確信はないが、病院といえば一番最初に思い浮かぶのがそこしかなかった。
或いは別の街の別の病院かもしれない。
訳が分からないといった表情で頭を掻く。
考えていても仕方ない、とサーレルはとにかく病院の中を探索してみる事にした。
廊下を大きな足音を立てながら大股で通っても、誰にも文句を言われない。
忙しなく動き回る看護師や医師の姿はどこにも見当たらず、入院患者や見舞い人の姿まで無いのはやはり異常だ。
ここはどこまでも異世界。
どれだけ現実のものと酷似していようとも、非現実的な空間の中の一つの風景でしかない。

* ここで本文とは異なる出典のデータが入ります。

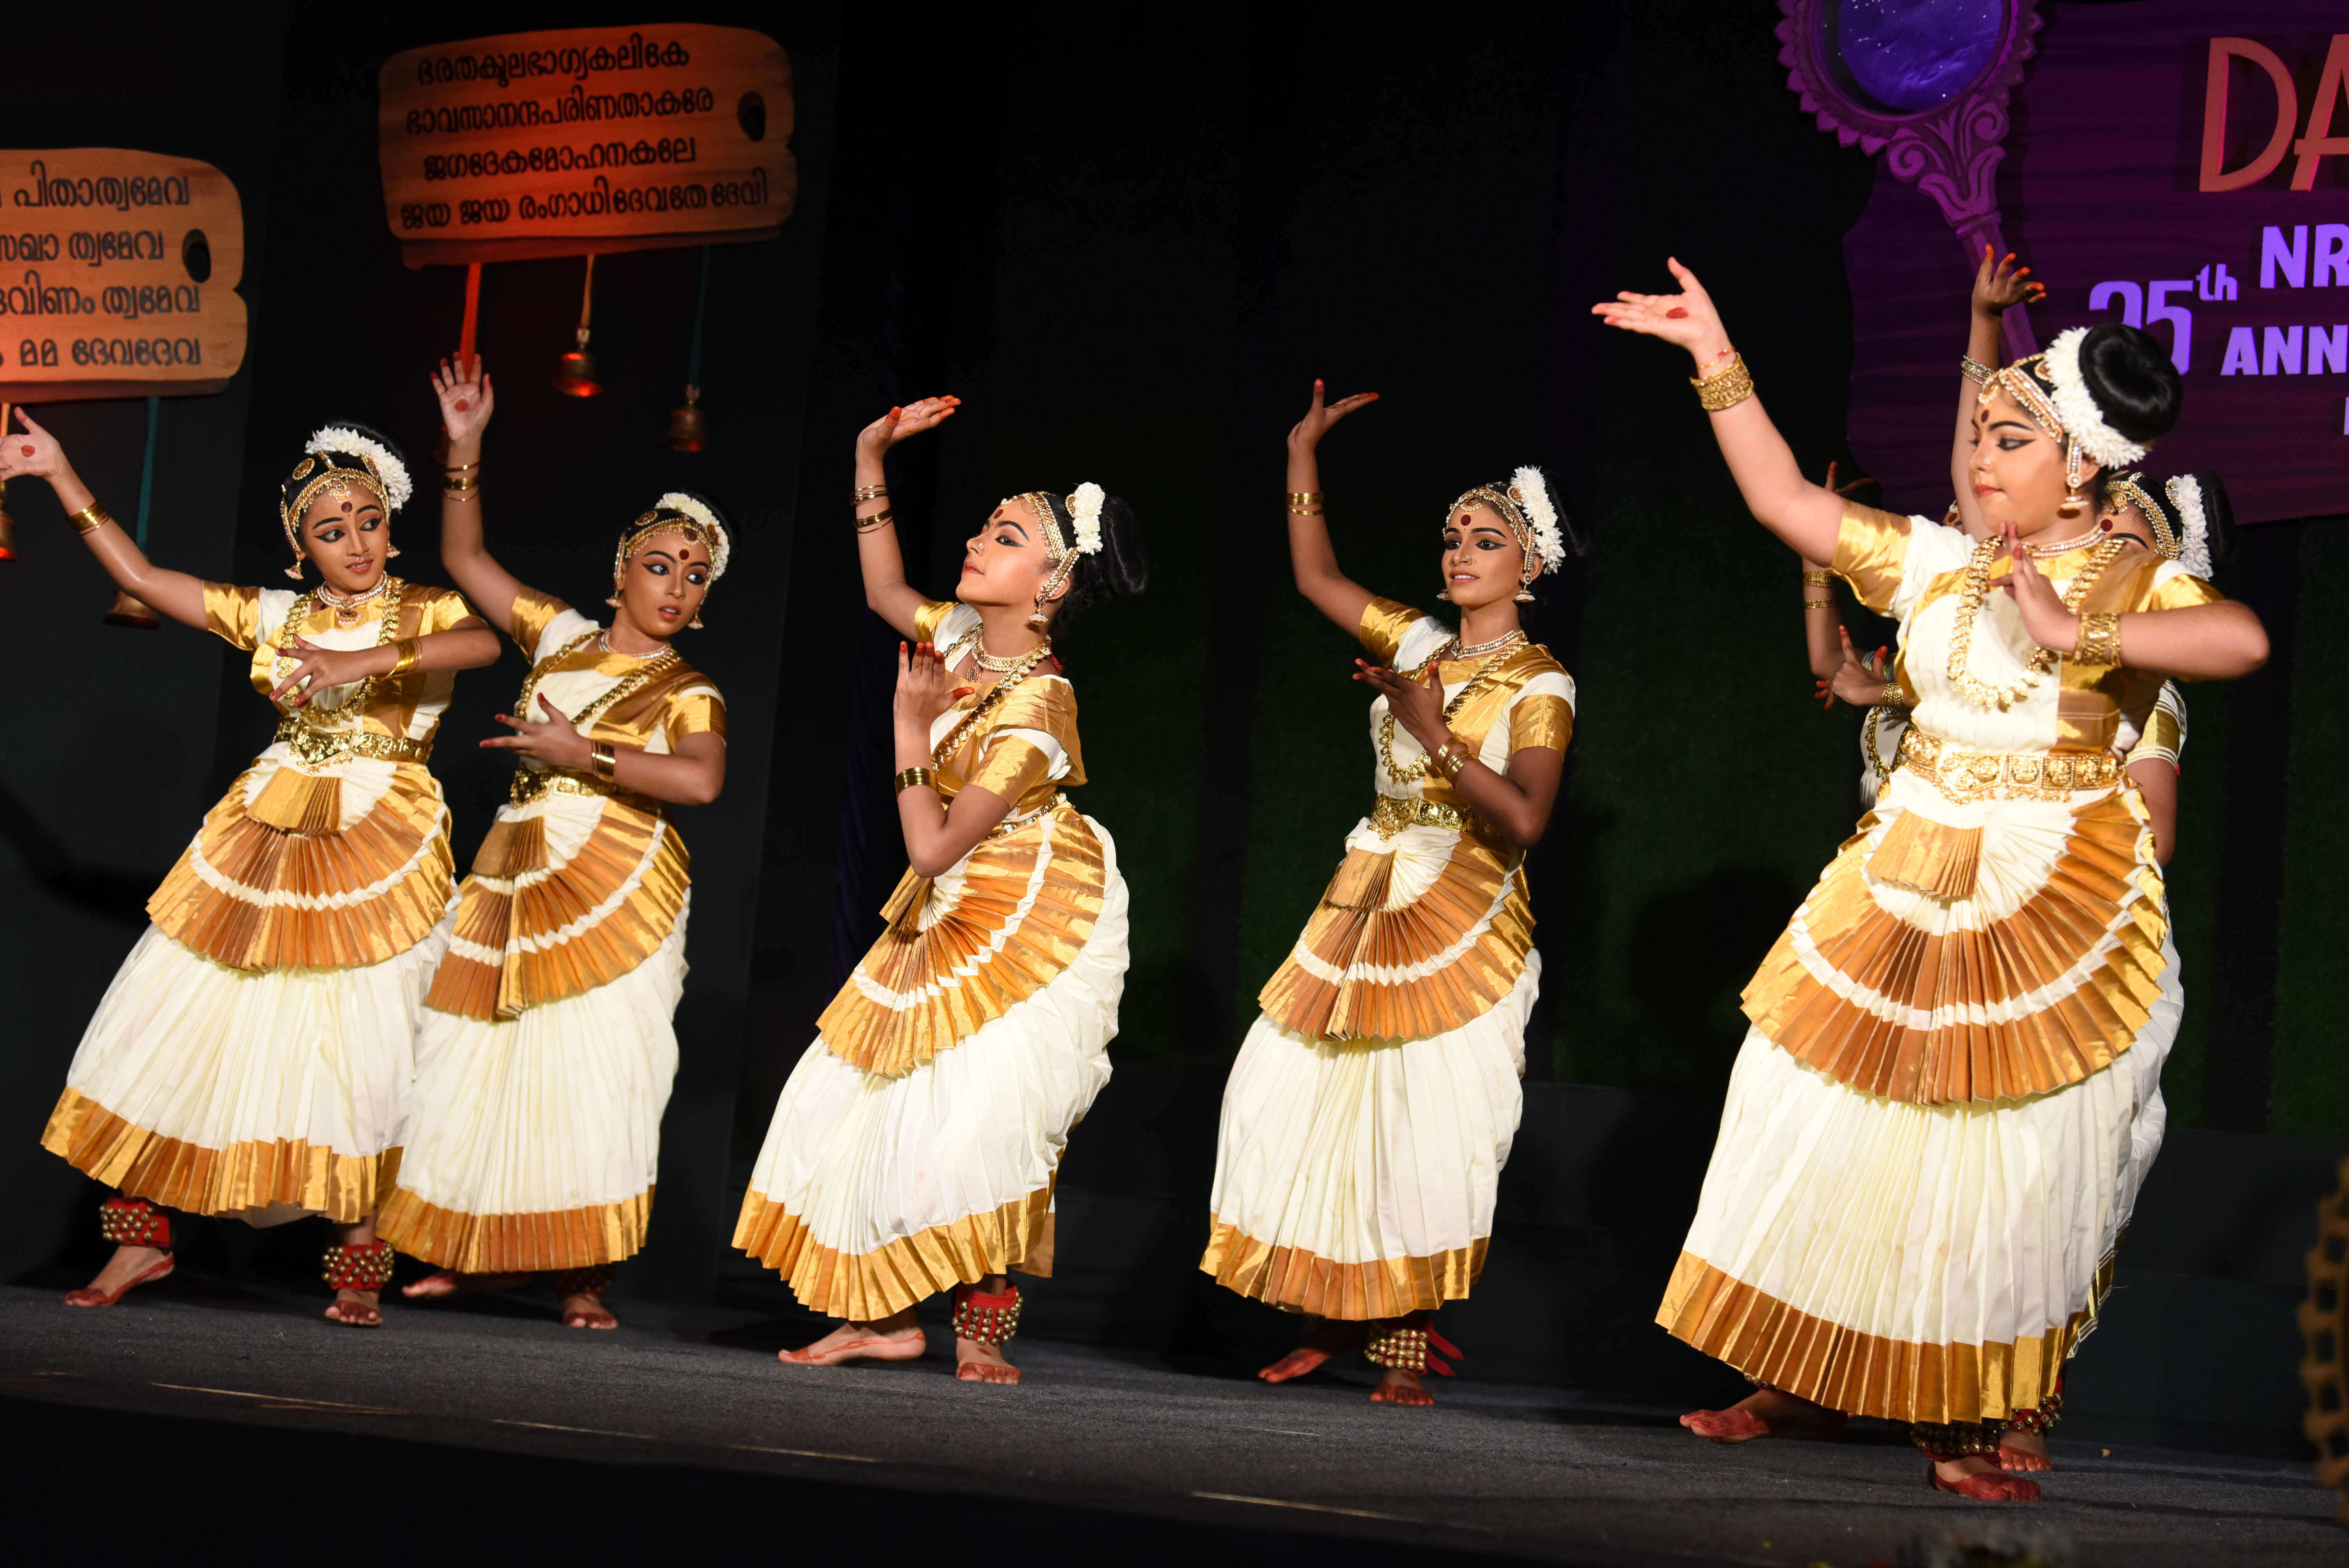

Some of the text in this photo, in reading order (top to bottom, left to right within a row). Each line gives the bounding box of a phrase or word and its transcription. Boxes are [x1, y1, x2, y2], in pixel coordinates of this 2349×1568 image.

だがサーレルの日常とは馴染みがなくても、現実にある場所であるのは精神的な意味でも少し有難い。
あの気味の悪い地獄のような場所を歩き回るよりはよっぽどマシだ。
人の形跡が全くない以外は特に変な所はない。
備え付けの電話をかけようとしたが、繋がらない。
患者の為に設置されているテレビも映らない。
サーレルはナースステーション通り過ぎて上階へ上がる階段を登る。
上ってすぐ近くの病室を調べてみたが誰もいなかった。
その正面の病室にも誰もおらず、希望が薄いながらもサーレルは一番奥の病室のドアを開けた。
そして一瞬、我が目を疑う。
その病室の角のベッドの上には一人の少女が眠っていた。
――まさか!!
サーレルは咄嗟に銃を取り出して足音を立てずにベッドに近付く。
そして顔を覗き込んだ。
「――違う」
彼女の髪はあの少女と同じ金色だったが、あの少女よりも髪が長く肌が青白い。
そして何よりも右の目元に黒子がある。
小さな一つの点でしかないが、決定的な違いだった。